Exercise requirements: Write every line below out again exactly, images omitted.

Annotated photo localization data
>>>

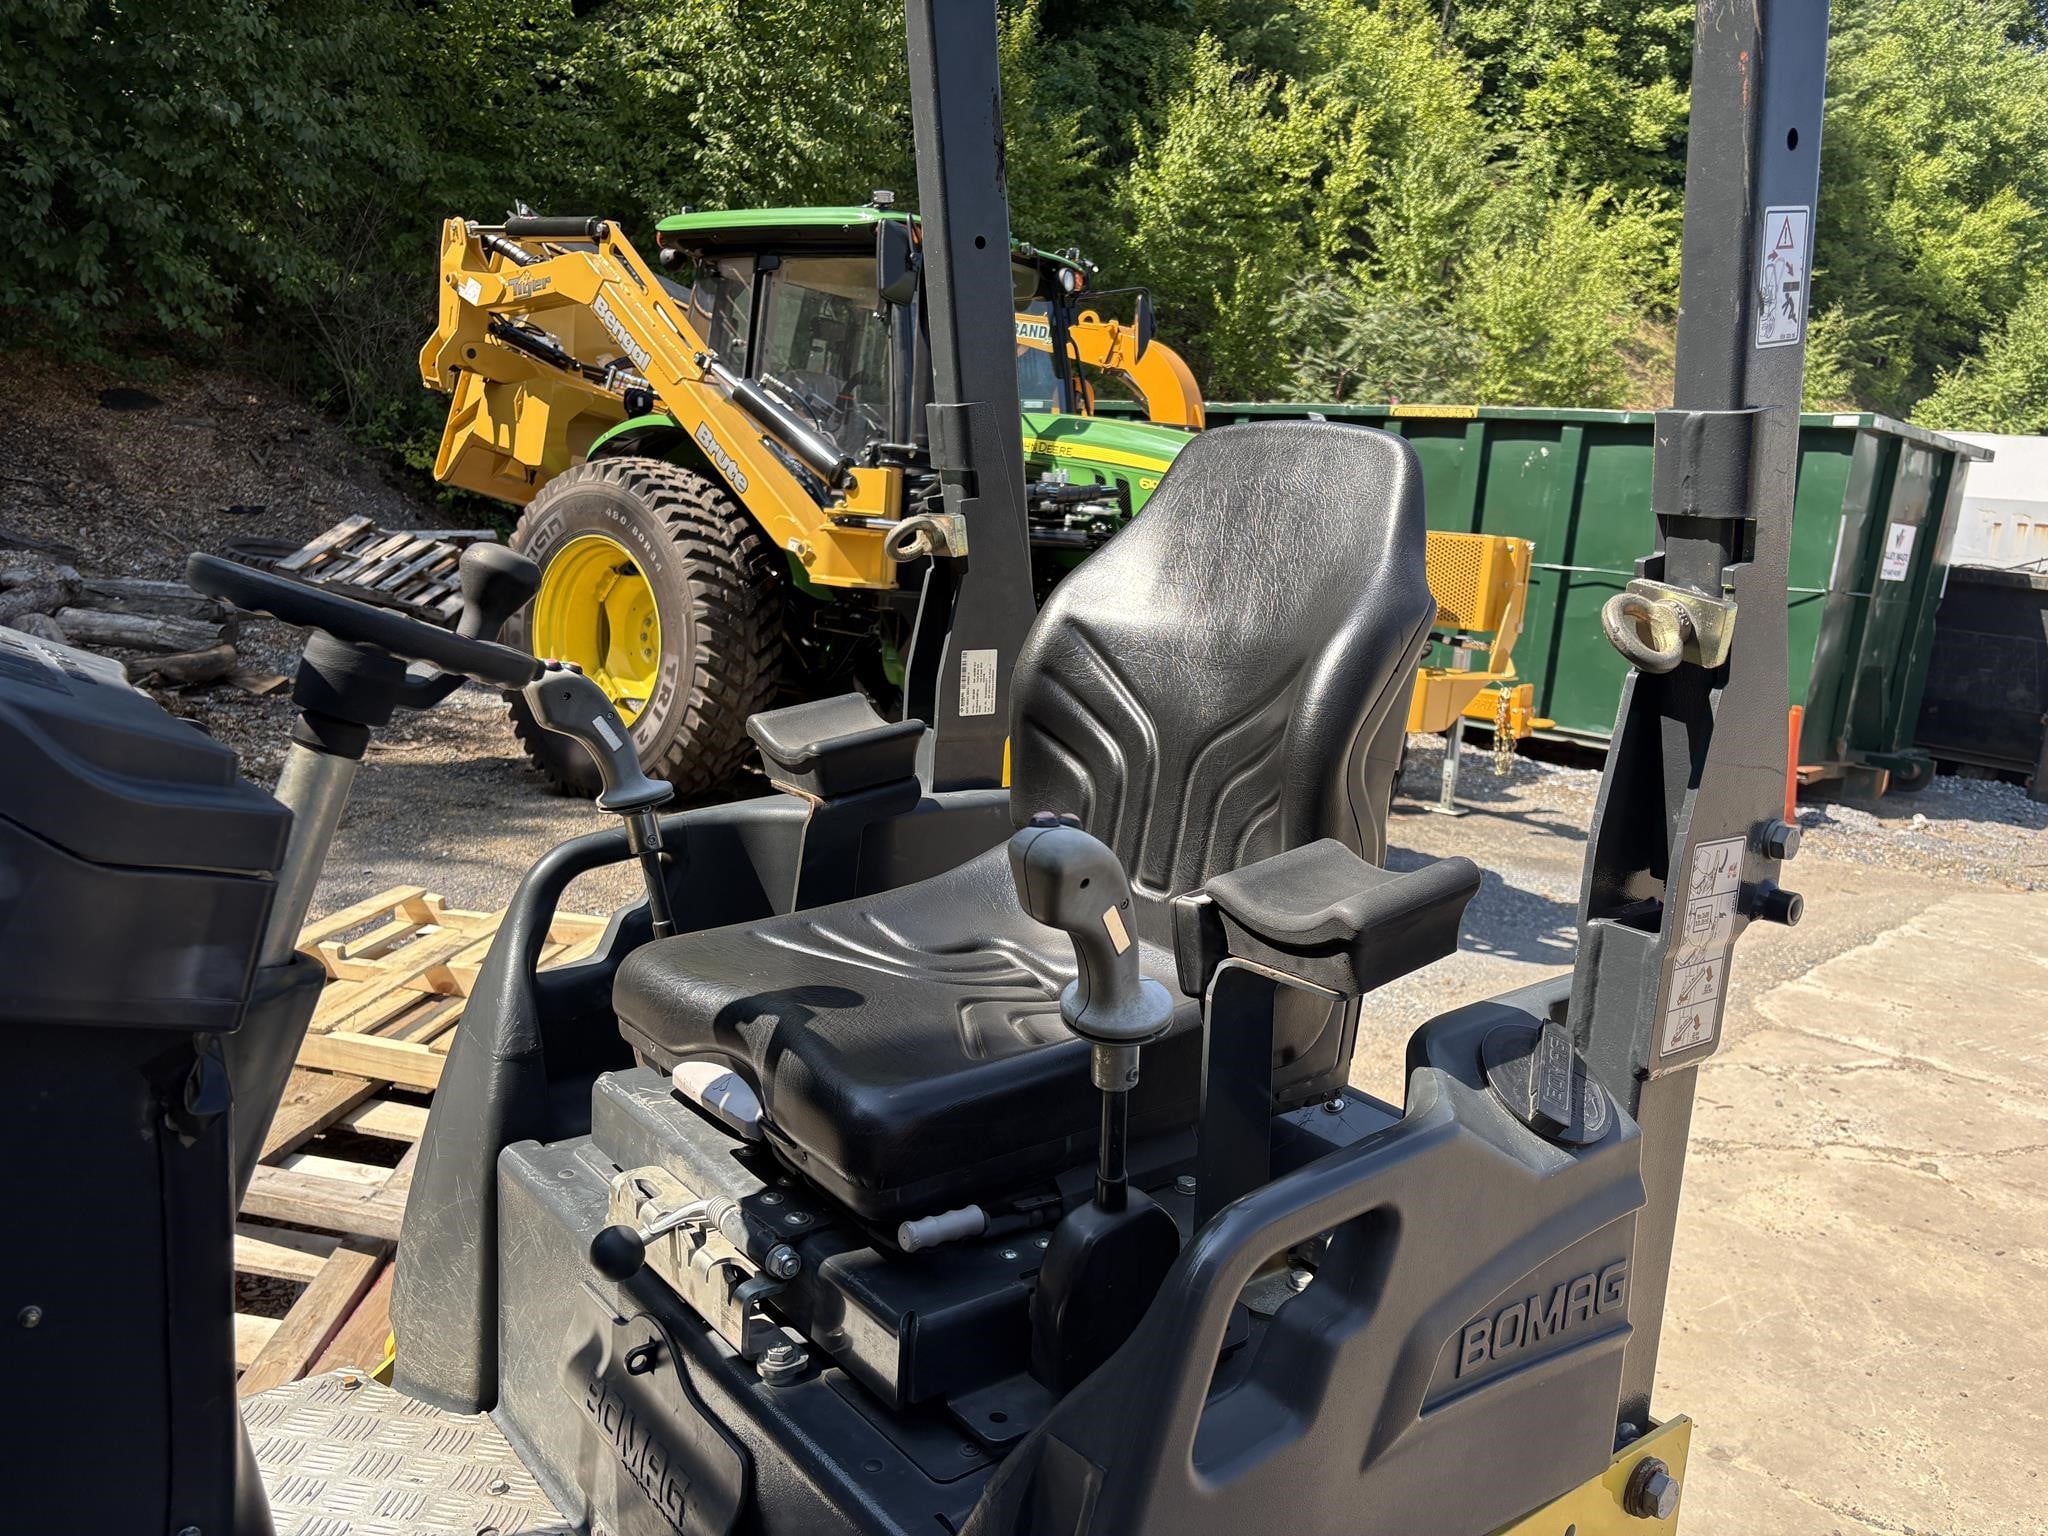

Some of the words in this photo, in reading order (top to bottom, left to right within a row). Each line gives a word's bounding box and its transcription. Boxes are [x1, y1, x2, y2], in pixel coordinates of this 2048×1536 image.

[508, 276, 551, 300] Tiger
[593, 294, 652, 372] Bengal
[694, 420, 748, 494] Brute
[1039, 441, 1073, 456] DEERE
[653, 662, 677, 722] TRI
[1456, 1259, 1628, 1379] BOMAG
[586, 1374, 692, 1529] BOMAG

<<<

Written response:
Some of the words in this photo, in reading order (top to bottom, left to right within a row). Each line gives a word's bounding box and its transcription. Boxes are [x1, y1, x2, y2], in pixel coordinates of this 2048×1536 image.

[508, 276, 551, 300] Tiger
[593, 294, 652, 372] Bengal
[694, 420, 748, 494] Brute
[1039, 441, 1073, 456] DEERE
[653, 662, 677, 722] TRI
[1456, 1259, 1628, 1379] BOMAG
[586, 1374, 692, 1529] BOMAG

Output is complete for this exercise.